BACKGROUND OF THE INVENTION 1. Field of the Invention The present invention relates to a method for producing a dielectric powder having excellent dielectric properties, and more particularly to a method for producing a raw material powder for a dielectric used in the microwave region.

[0002]

2. Description of the Related Art A communication system using microwaves, that is, satellite communication and satellite broadcasting is rapidly developing with the increase of communication information amount, and the relative dielectric constant of the resonant element of the communication and broadcasting apparatus is large and the quality factor Q is large. Has been developed and put to practical use, with a large value (small dielectric loss) and a temperature coefficient τf of resonance frequency close to O. Of these, MgTiO ₃ , (CaLa) TiO ₃
-MgTiO ₃ , MgTi ₂ O ₅ -TiO ₂ , MgO-Nd ₂ O ₃ , (La ₂ O ₃ ) -TiO ₂ ,
(CaSrBa) (ZrTi) O ₃ , Ba (Mg _1/3 Ta _2/3 ) O ₃ , Ba (Zn _1/3 Nb _2/3 )
O ₃ -Ba (Zn _1/3 Ta _2/3 ) O ₃ , Ba (Zn _1/3 Nb _2/3 ) O ₃ -Sr (Zn _1/3 Nb
_2/3 ) O ₃ , Ba (NiTa) O ₃ -Ba (ZrZnTa) O ₃ , Ba (ZnTa) O ₃ -BaZr
O ₃ , (SrCa) (LiNbTi) O ₃ , (ZrSn) TiO ₄ , BaTi4O ₉ , Ba ₂ Ti
Dielectrics such as ₉ O ₂₀ and BaO 4 TiO ₂ 0.1 WO ₃ have a high quality factor Q but a low relative permittivity (relative permittivity εr = 25
Therefore, when the resonator is used in, for example, the 0.1 to 4 GHz band, the resonator cannot be downsized sufficiently. Therefore, for this application, oxides of barium, titanium and rare earth elements such as BaO-TiO ₂ -Nd ₂ O ₃ system {Be
r. Dt. Keram. Ges. 55 (1978) No. 7; JP 60-354
A dielectric such as '06 publication} is used.

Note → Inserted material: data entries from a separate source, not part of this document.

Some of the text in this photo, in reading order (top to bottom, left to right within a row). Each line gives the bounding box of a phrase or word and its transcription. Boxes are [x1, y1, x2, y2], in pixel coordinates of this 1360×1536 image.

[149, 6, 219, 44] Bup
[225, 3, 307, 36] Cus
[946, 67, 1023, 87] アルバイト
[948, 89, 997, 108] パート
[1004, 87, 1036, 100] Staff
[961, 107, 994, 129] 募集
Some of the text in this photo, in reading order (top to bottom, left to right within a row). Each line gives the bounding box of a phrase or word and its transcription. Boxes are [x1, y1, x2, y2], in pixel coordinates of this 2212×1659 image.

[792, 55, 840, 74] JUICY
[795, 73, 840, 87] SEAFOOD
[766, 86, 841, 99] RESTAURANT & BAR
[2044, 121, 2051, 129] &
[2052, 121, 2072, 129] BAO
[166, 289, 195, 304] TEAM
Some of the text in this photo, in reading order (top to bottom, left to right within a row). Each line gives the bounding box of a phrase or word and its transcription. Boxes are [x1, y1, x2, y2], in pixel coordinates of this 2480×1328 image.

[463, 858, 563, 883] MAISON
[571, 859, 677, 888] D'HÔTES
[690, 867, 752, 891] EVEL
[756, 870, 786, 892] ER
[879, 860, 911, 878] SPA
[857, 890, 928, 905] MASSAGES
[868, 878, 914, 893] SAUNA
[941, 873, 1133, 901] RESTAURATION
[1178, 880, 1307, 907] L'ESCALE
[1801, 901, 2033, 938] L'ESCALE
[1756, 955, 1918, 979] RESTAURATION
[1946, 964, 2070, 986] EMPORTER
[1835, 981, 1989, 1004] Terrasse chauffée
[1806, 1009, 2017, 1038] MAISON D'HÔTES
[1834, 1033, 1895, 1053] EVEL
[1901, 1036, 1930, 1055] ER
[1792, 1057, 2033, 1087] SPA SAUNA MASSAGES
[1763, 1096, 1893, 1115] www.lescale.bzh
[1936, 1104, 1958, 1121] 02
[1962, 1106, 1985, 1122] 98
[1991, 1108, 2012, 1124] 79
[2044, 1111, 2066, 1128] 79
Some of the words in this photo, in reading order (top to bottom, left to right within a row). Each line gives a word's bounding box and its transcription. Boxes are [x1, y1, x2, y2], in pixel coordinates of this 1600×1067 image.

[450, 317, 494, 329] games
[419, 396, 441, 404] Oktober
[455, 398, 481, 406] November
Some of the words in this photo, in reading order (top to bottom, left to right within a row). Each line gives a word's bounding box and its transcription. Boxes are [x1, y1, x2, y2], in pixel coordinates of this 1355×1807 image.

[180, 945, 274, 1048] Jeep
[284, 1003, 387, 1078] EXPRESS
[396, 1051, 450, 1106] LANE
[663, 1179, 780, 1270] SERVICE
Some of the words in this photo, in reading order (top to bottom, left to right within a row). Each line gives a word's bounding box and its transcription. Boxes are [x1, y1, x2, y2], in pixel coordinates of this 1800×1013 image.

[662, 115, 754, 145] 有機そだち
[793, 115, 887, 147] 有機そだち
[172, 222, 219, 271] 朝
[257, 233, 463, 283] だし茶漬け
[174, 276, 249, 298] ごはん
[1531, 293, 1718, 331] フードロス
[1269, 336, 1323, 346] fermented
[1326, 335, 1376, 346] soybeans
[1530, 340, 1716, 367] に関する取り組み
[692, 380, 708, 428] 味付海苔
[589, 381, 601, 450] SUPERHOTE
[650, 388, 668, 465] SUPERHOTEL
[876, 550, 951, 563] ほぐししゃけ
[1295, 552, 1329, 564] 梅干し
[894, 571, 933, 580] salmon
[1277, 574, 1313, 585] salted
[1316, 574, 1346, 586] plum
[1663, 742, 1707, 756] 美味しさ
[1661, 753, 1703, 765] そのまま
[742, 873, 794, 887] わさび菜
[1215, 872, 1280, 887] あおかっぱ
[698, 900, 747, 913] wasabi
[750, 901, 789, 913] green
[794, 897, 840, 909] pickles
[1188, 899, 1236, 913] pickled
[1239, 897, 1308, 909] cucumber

Conventionally, as a method for producing a dielectric powder, compound powders such as oxides and carbonates containing various metals as constituents are weighed to obtain a desired composition, mixed together, and then calcined in air. In general, a method of repeating the solid-phase reaction by pulverization and calcination several times to manufacture is common.

[0004]

However, in the above conventional method, since the raw material powders are mixed at once, a selective reaction between the raw material powders is likely to occur in the solid-phase reaction during calcination.
Specifically, the titanium component easily reacts selectively with the barium component and the rare earth element component, respectively, and a composite oxide of titanium and barium, for example, Ba ₄ Ti ₁₃ O ₃₀ , BaTi ₄ O ₉ , BaTi ₂ O ₅
Etc. and complex oxides of titanium and rare earth elements, such as R ₂ Ti
Intermediate products such as ₂ O ₇ (R: rare earth element) are easily generated. Therefore, there is a problem that the quality factor Q of the sintered body produced using the obtained dielectric powder is lowered. This is probably because it is difficult to improve the homogeneity of the composition at the atomic level, and many impurity phases are generated and lattice defects are present.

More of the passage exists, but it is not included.